**Task item**
For this exercise, reproduce each entry below exactly, excluding pictures.

**Information supplied**
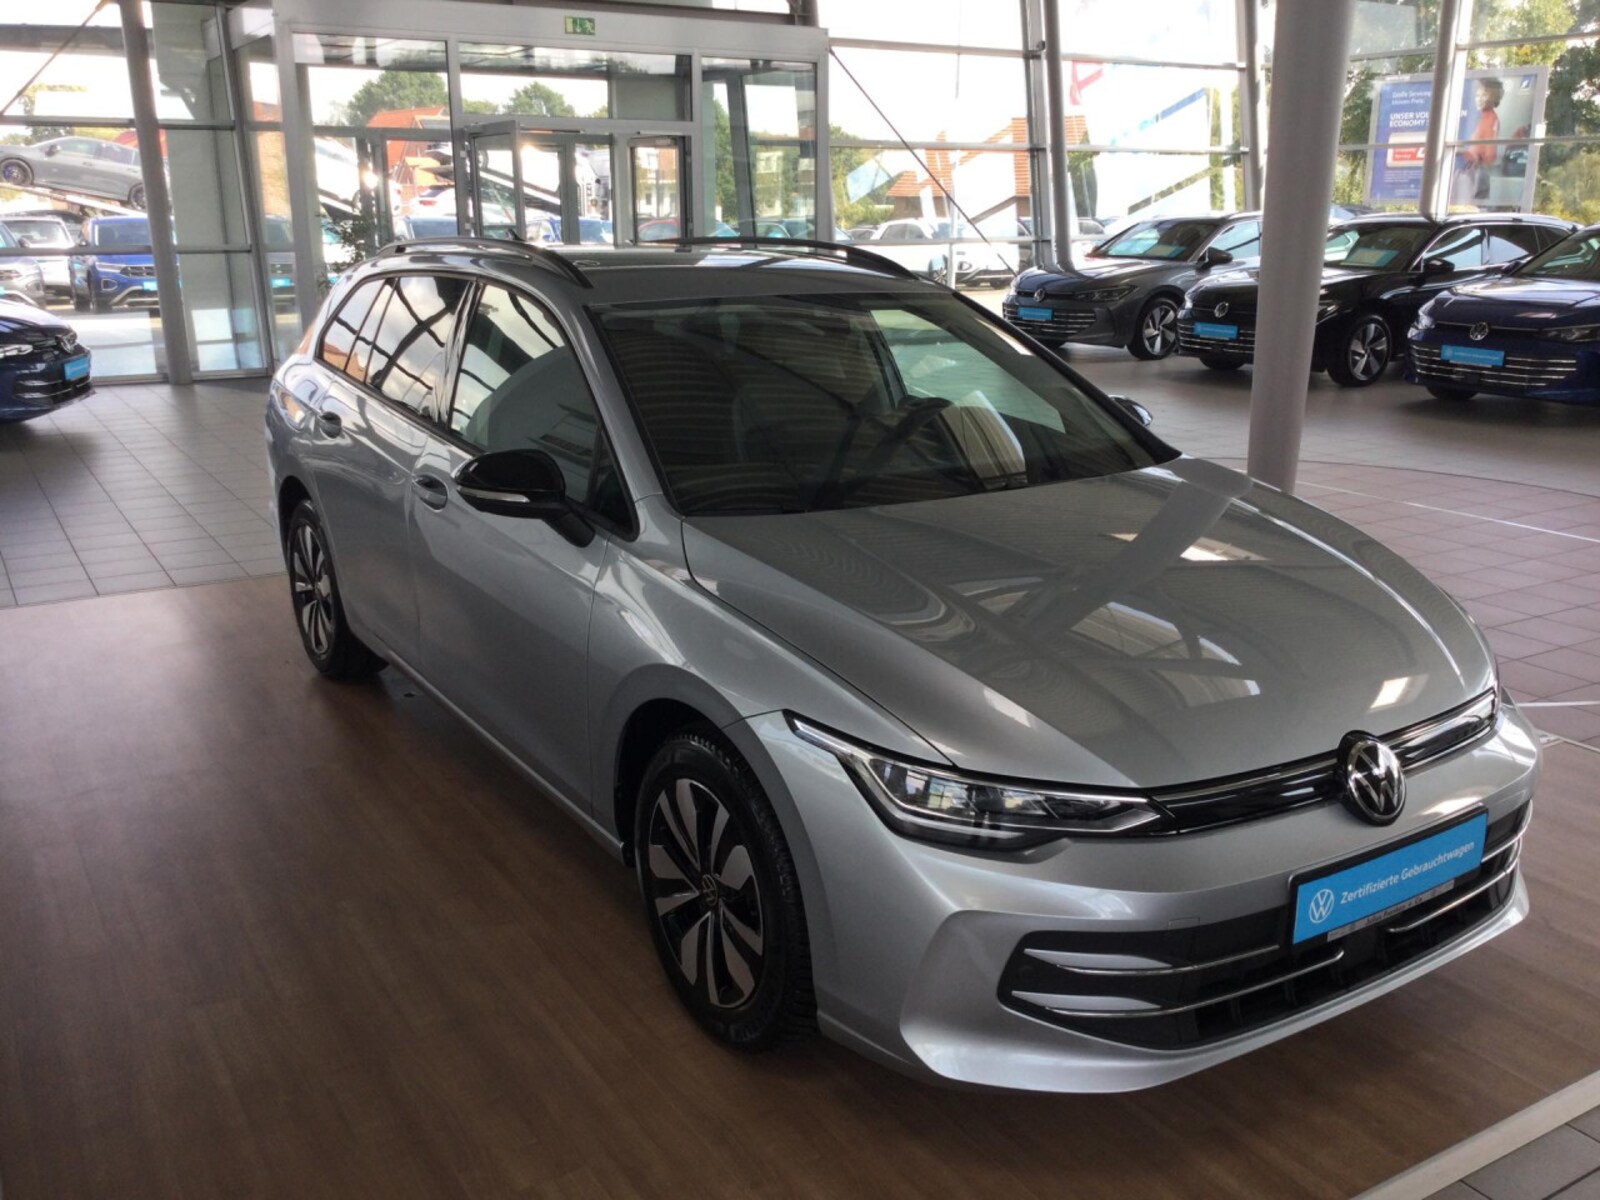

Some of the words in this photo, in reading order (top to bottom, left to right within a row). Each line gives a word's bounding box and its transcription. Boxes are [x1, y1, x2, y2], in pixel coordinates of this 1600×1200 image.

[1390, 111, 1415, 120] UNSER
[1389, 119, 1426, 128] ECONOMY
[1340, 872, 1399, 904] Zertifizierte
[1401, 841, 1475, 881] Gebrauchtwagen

**Exercise solution**
Some of the words in this photo, in reading order (top to bottom, left to right within a row). Each line gives a word's bounding box and its transcription. Boxes are [x1, y1, x2, y2], in pixel coordinates of this 1600×1200 image.

[1390, 111, 1415, 120] UNSER
[1389, 119, 1426, 128] ECONOMY
[1340, 872, 1399, 904] Zertifizierte
[1401, 841, 1475, 881] Gebrauchtwagen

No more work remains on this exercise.